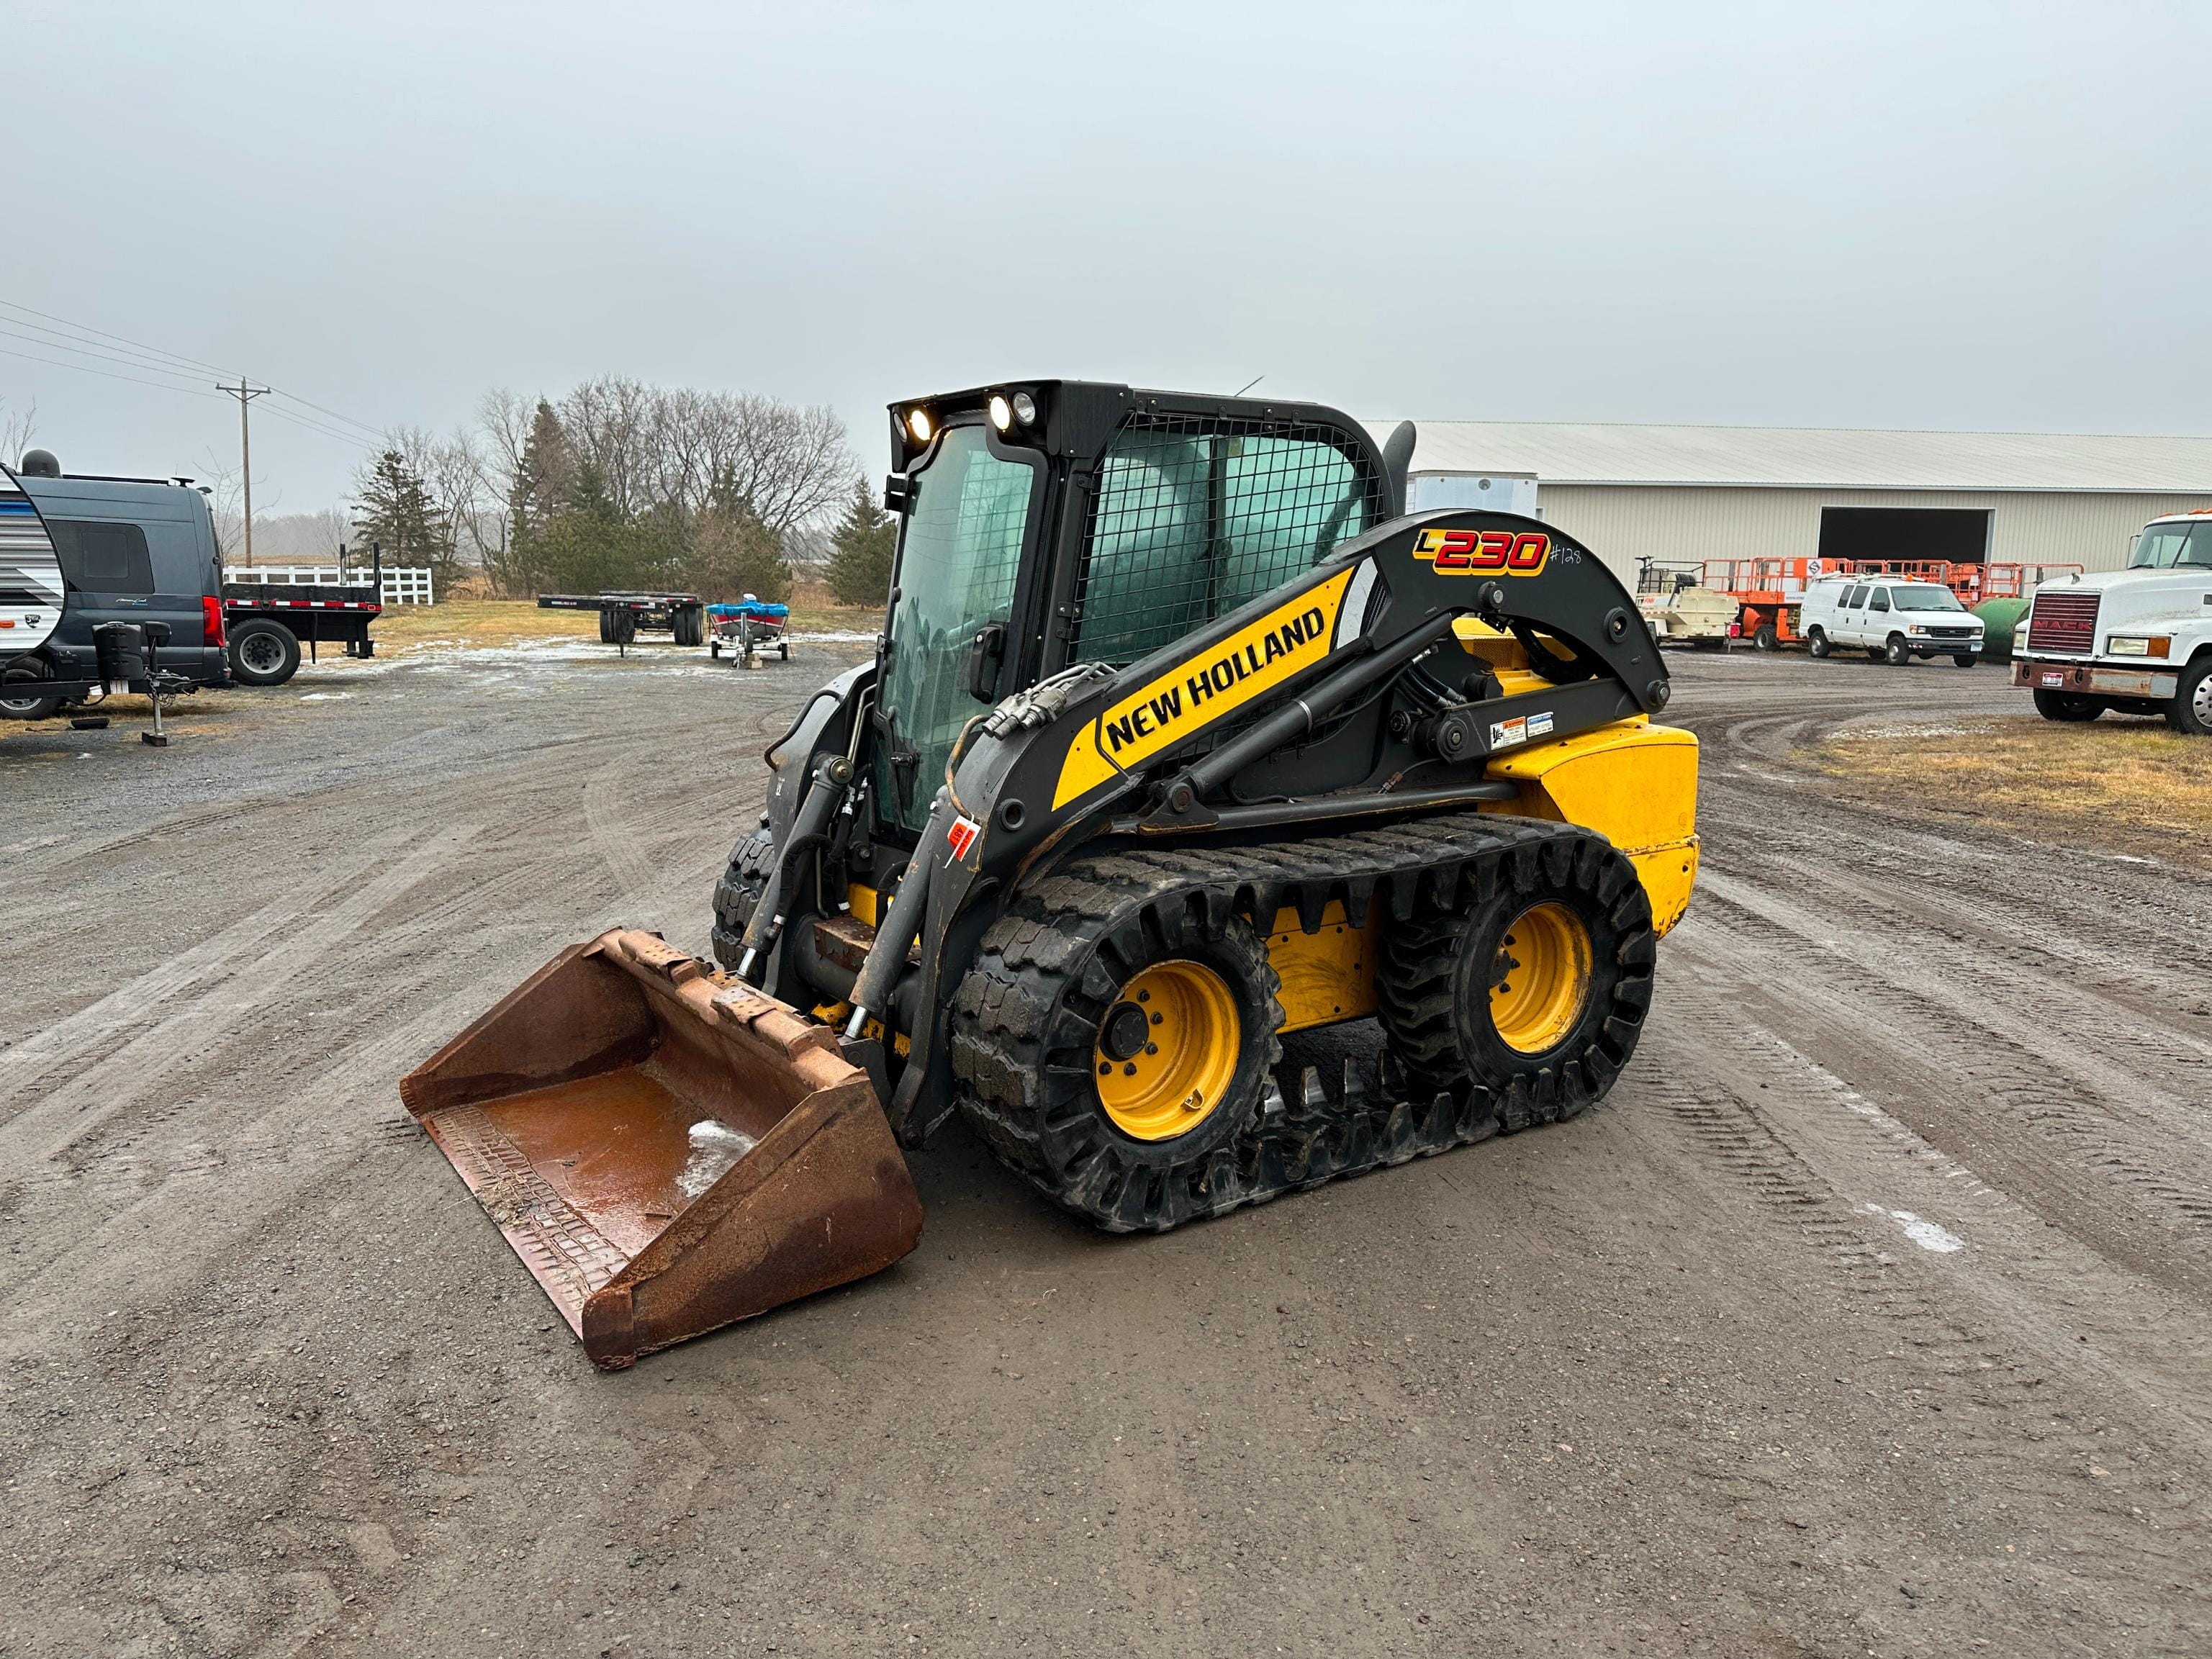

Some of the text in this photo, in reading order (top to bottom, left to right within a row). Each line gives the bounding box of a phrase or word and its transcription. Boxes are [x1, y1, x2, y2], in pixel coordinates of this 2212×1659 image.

[1416, 532, 1548, 569] L230
[1550, 544, 1581, 565] #128
[2033, 620, 2093, 630] MACK
[1106, 607, 1324, 754] NEW HOLLAND

+===+

[About this exercise]: Transcribe the material exactly, keeping every word and none of the pictures.

[Solution for this exercise]:
Some of the text in this photo, in reading order (top to bottom, left to right within a row). Each line gives the bounding box of a phrase or word and its transcription. Boxes are [x1, y1, x2, y2], in pixel coordinates of this 2212×1659 image.

[1416, 532, 1548, 569] L230
[1550, 544, 1581, 565] #128
[2033, 620, 2093, 630] MACK
[1106, 607, 1324, 754] NEW HOLLAND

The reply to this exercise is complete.